*Work to be completed*. Nothing before the line containing "Some of the words" belongs in the answer; quote that line and all lines after it through the end of the material, word for word.

****

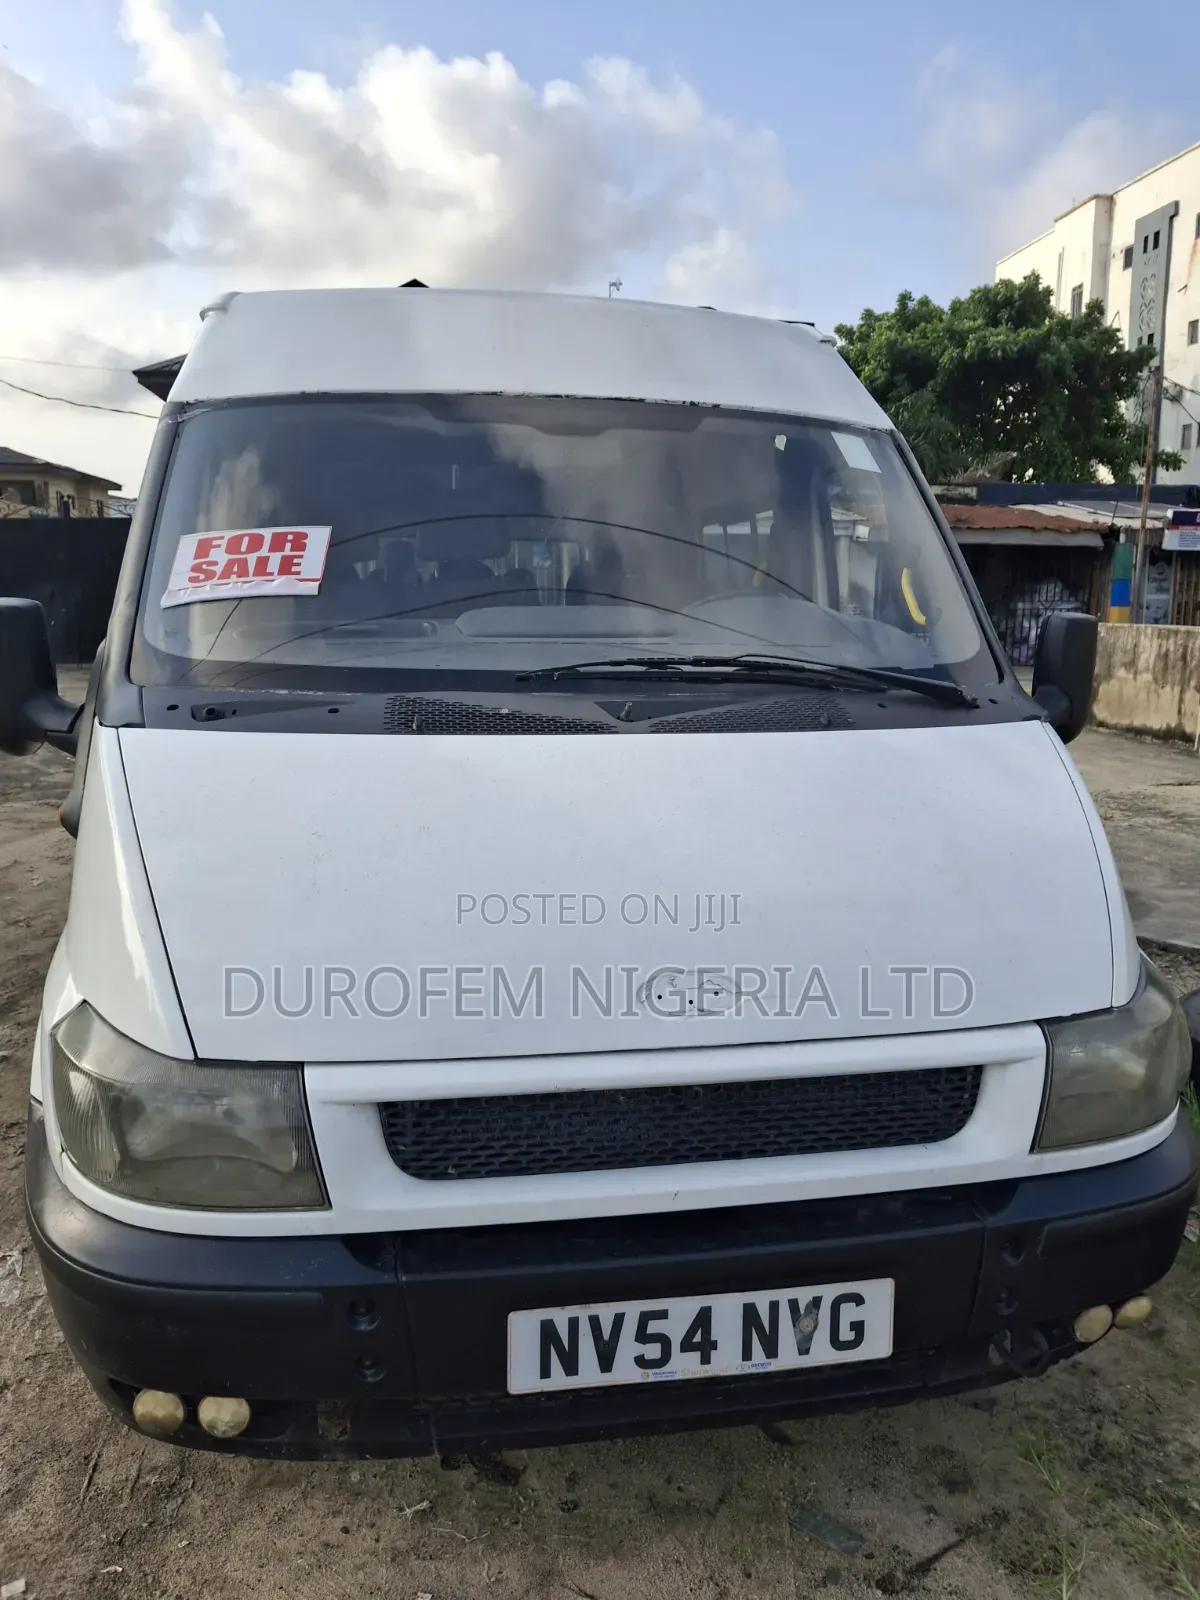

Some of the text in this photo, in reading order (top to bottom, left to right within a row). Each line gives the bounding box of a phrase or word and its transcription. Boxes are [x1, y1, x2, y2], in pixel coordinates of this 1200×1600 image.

[193, 531, 309, 561] FOR
[188, 555, 304, 584] SALE
[540, 1292, 866, 1380] NV54 NVG
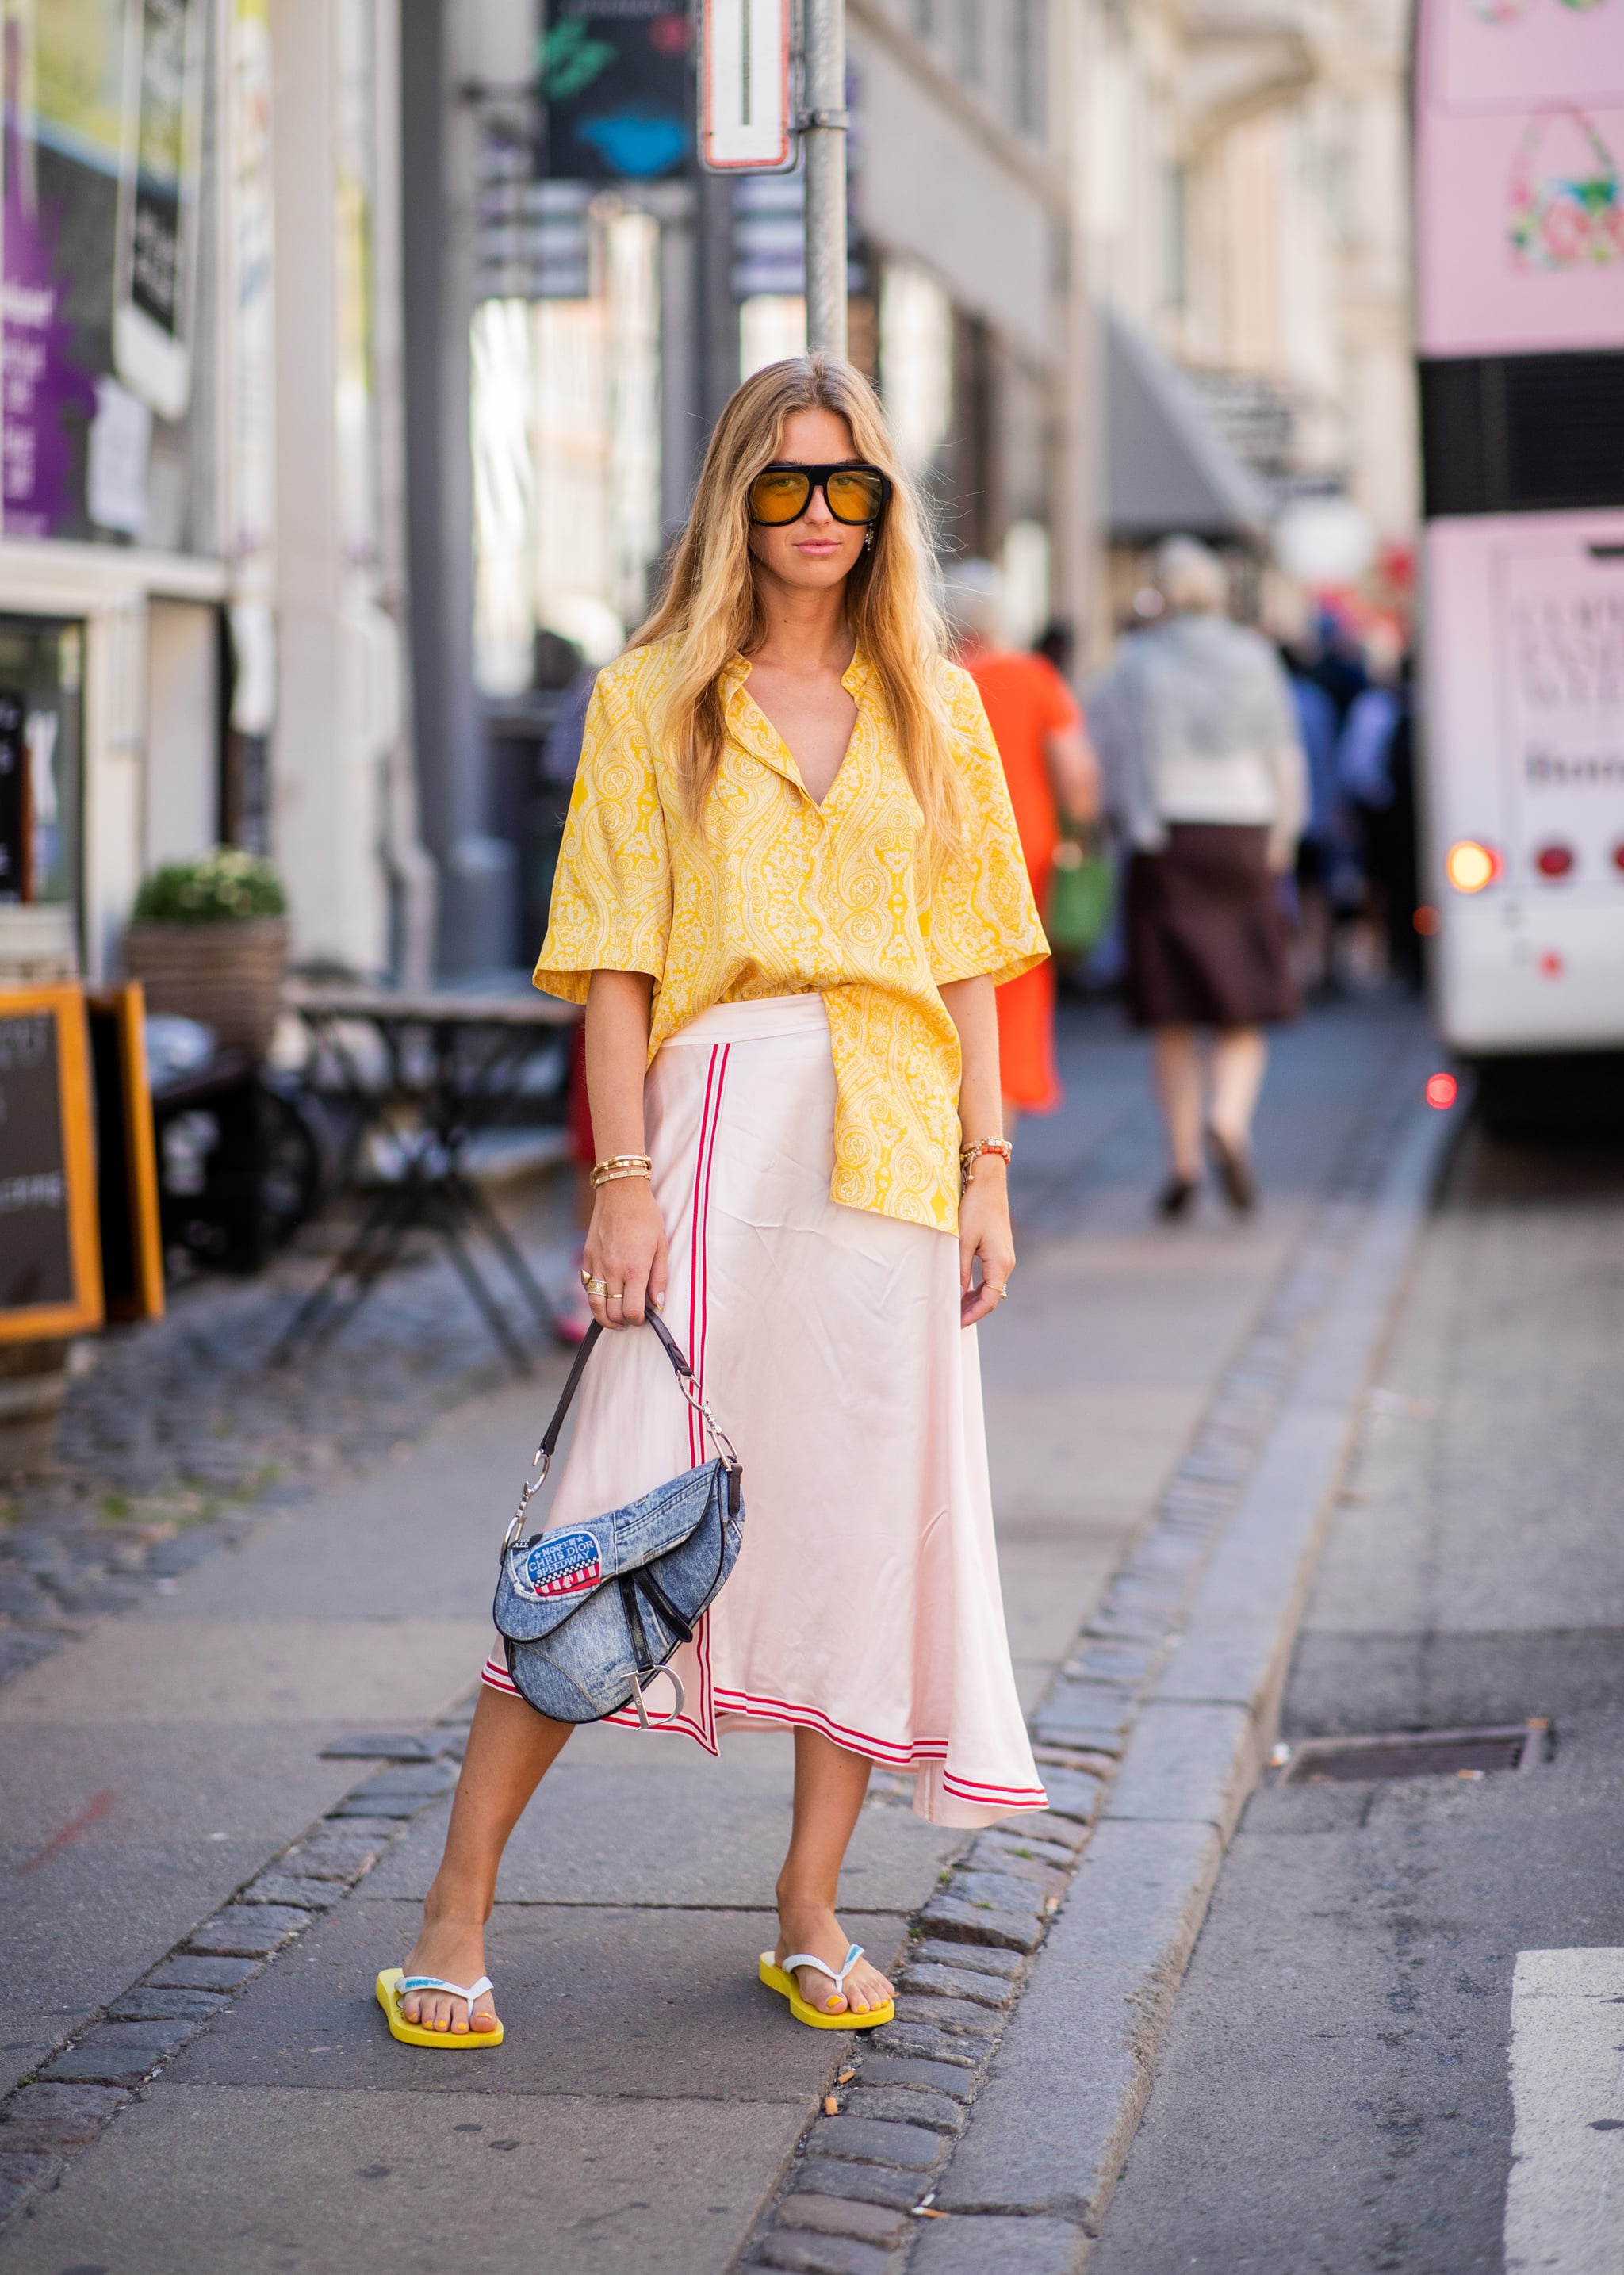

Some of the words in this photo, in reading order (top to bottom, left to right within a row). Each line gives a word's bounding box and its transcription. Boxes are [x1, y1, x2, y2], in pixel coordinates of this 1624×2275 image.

[529, 1551, 565, 1572] CHRIS
[567, 1540, 594, 1557] DIOR
[542, 1538, 577, 1557] NORTH
[536, 1550, 590, 1578] SPEEDWAY

****

*Task result*.
Some of the words in this photo, in reading order (top to bottom, left to right within a row). Each line gives a word's bounding box and its transcription. Boxes are [x1, y1, x2, y2], in pixel coordinates of this 1624×2275 image.

[529, 1551, 565, 1572] CHRIS
[567, 1540, 594, 1557] DIOR
[542, 1538, 577, 1557] NORTH
[536, 1550, 590, 1578] SPEEDWAY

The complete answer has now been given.